- WHAT YOU SHOULD DO: Only the pictures are to be left out; return the rest of the data exactly as it stands.

Dataset records
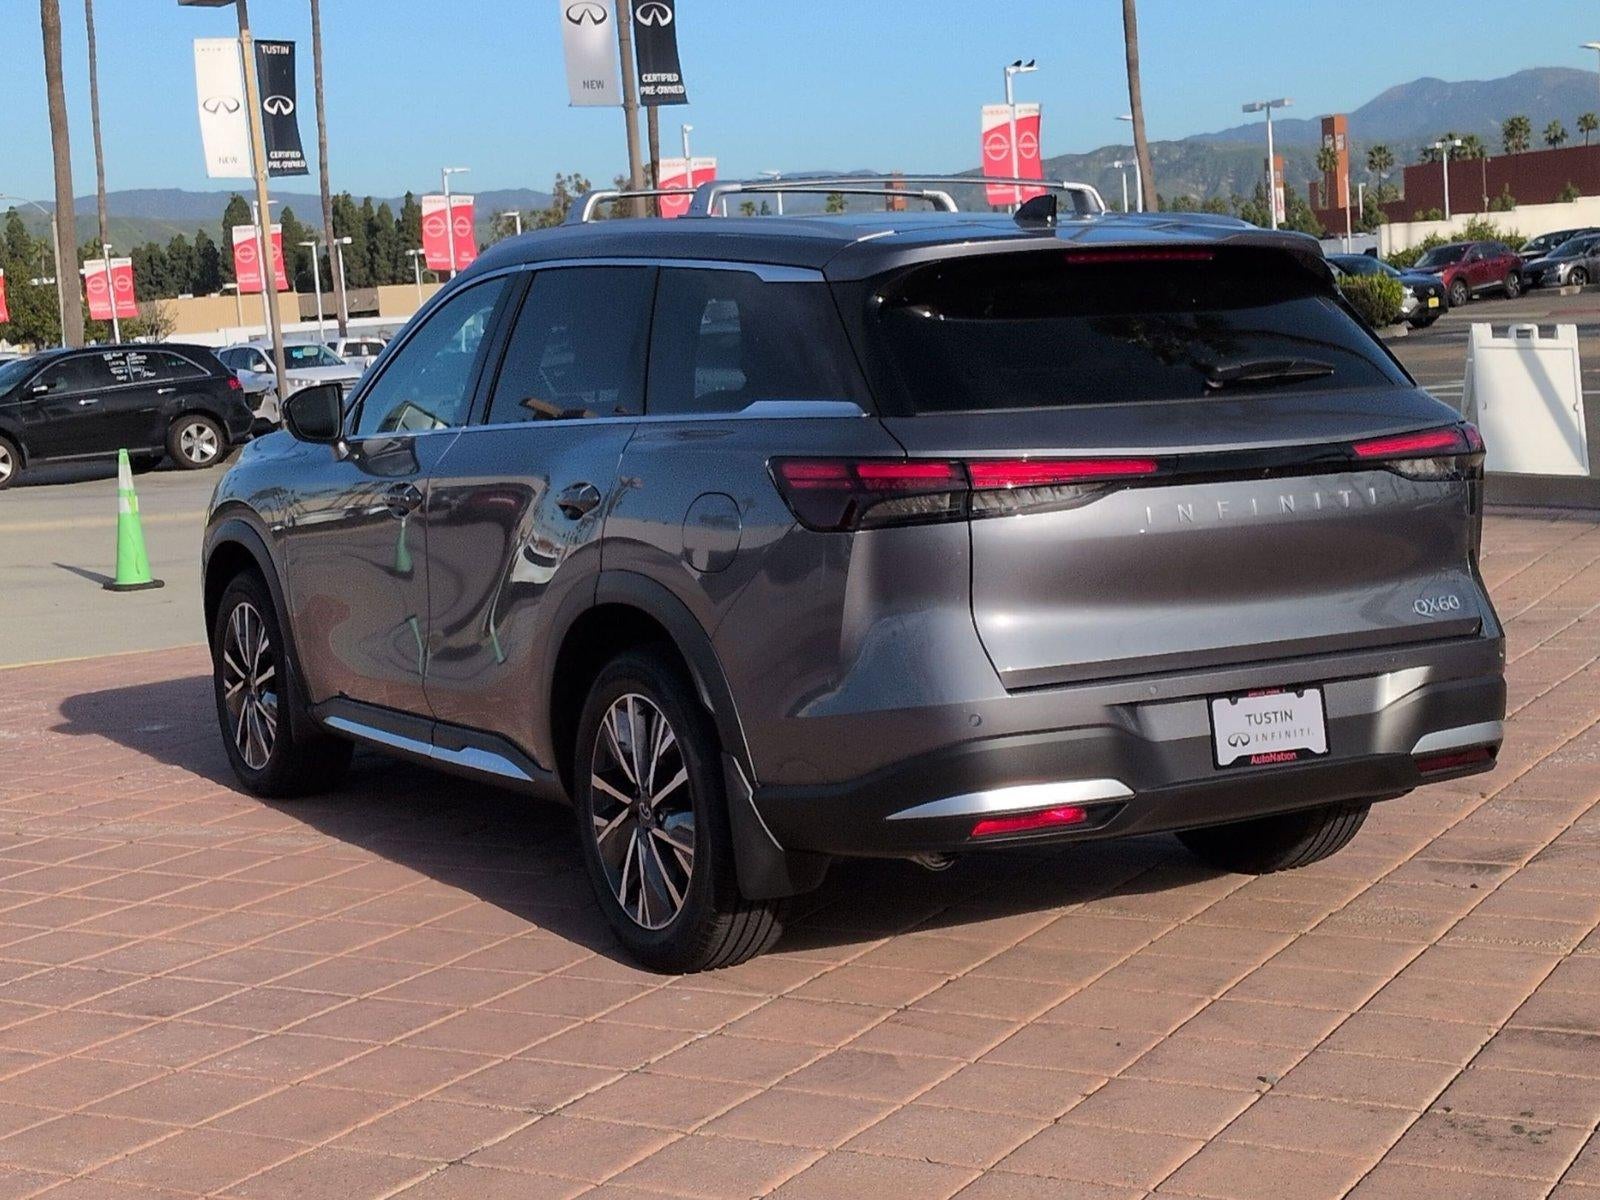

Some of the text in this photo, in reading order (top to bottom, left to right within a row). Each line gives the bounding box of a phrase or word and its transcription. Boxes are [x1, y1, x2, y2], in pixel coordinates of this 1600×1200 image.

[260, 45, 290, 55] TUSTIN
[642, 73, 679, 82] CERTIFIED
[583, 80, 605, 90] NEW
[640, 85, 685, 95] PRE-OWNED
[1145, 487, 1377, 525] INFINITI
[1413, 595, 1461, 616] QX60
[1245, 710, 1294, 726] TUSTIN
[1255, 728, 1311, 742] INFINITI
[1250, 752, 1297, 765] AutoNation
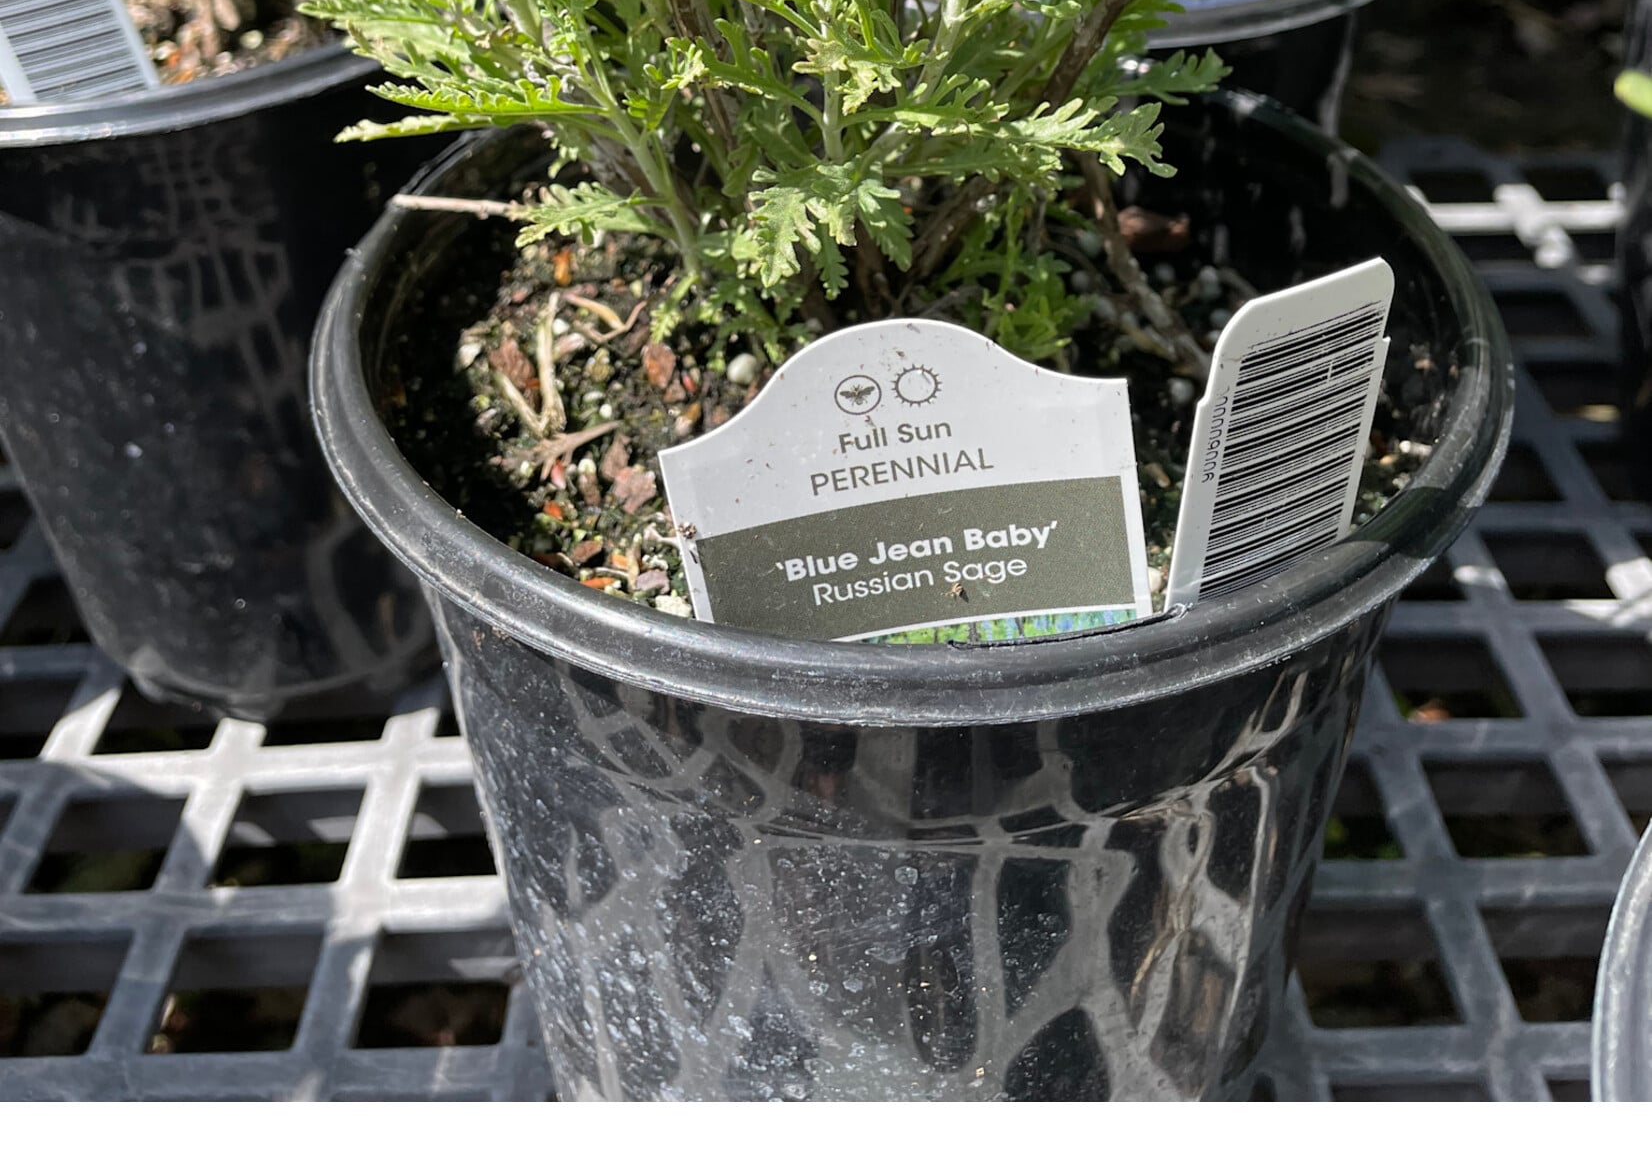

- COMPLETED TASK:
Some of the text in this photo, in reading order (top to bottom, left to right within a row). Each line gives the bounding box of a phrase or word and its transcription. Boxes are [x1, y1, x2, y2], in pixel coordinates of this 1600×1200 image.

[260, 45, 290, 55] TUSTIN
[642, 73, 679, 82] CERTIFIED
[583, 80, 605, 90] NEW
[640, 85, 685, 95] PRE-OWNED
[1145, 487, 1377, 525] INFINITI
[1413, 595, 1461, 616] QX60
[1245, 710, 1294, 726] TUSTIN
[1255, 728, 1311, 742] INFINITI
[1250, 752, 1297, 765] AutoNation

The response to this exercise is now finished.